__Directions for this task__:
Pictures must not be copied, but every entry must be reproduced exactly.

***** Input data

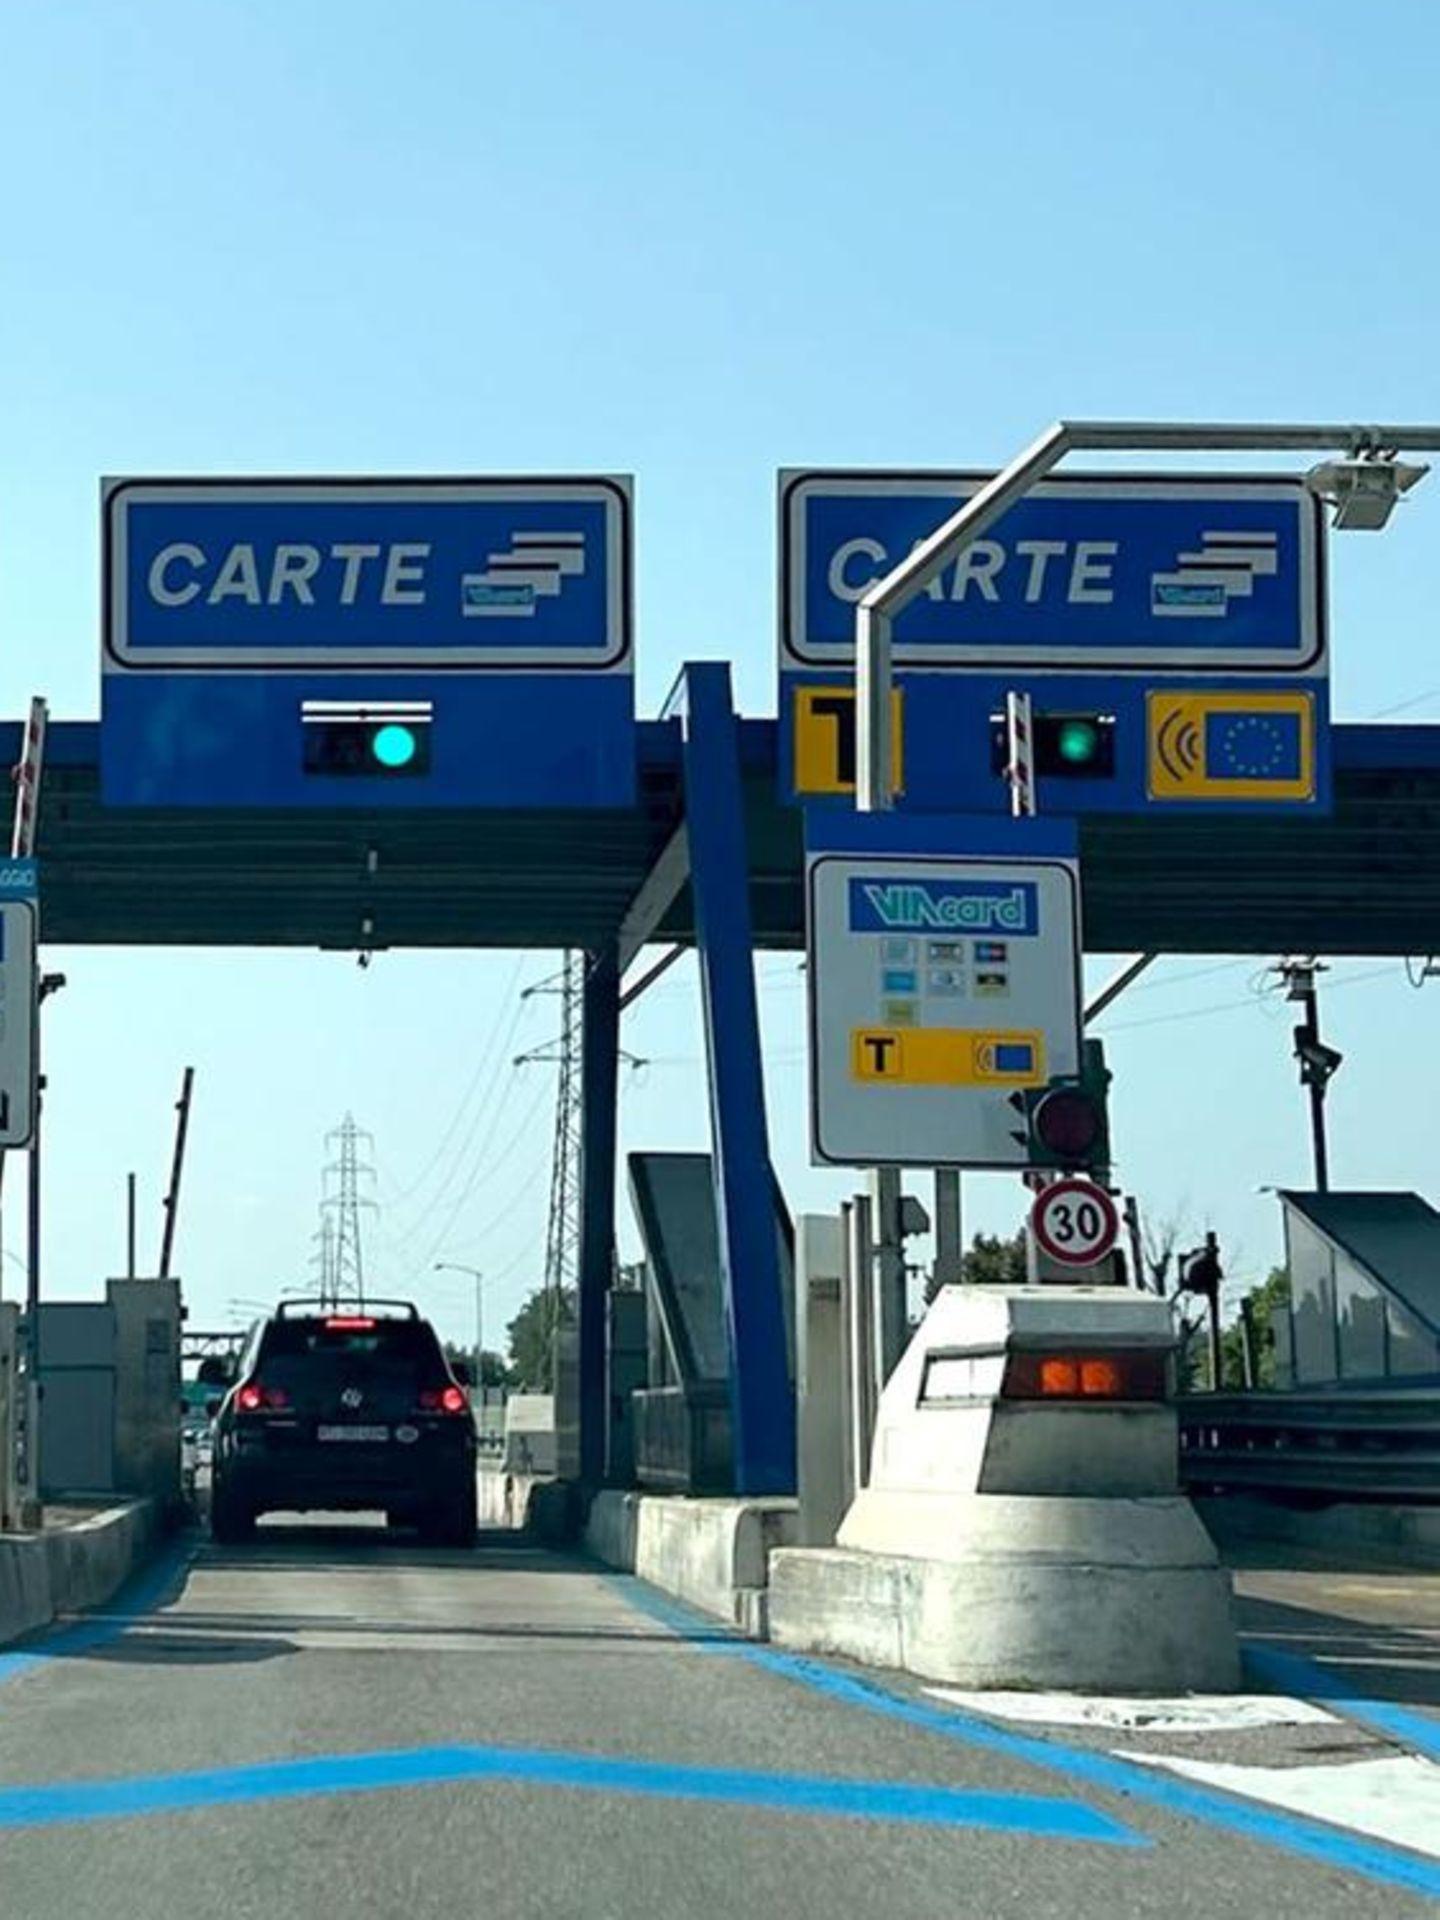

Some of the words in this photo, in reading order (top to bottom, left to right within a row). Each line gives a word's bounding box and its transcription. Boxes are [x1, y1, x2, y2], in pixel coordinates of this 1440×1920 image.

[148, 542, 432, 606] CARTE
[828, 536, 1118, 603] CRTE
[865, 1037, 894, 1073] T
[1052, 1203, 1101, 1243] 30

**********

__Answer for this exercise__:
Some of the words in this photo, in reading order (top to bottom, left to right within a row). Each line gives a word's bounding box and its transcription. Boxes are [x1, y1, x2, y2], in pixel coordinates of this 1440×1920 image.

[148, 542, 432, 606] CARTE
[828, 536, 1118, 603] CRTE
[865, 1037, 894, 1073] T
[1052, 1203, 1101, 1243] 30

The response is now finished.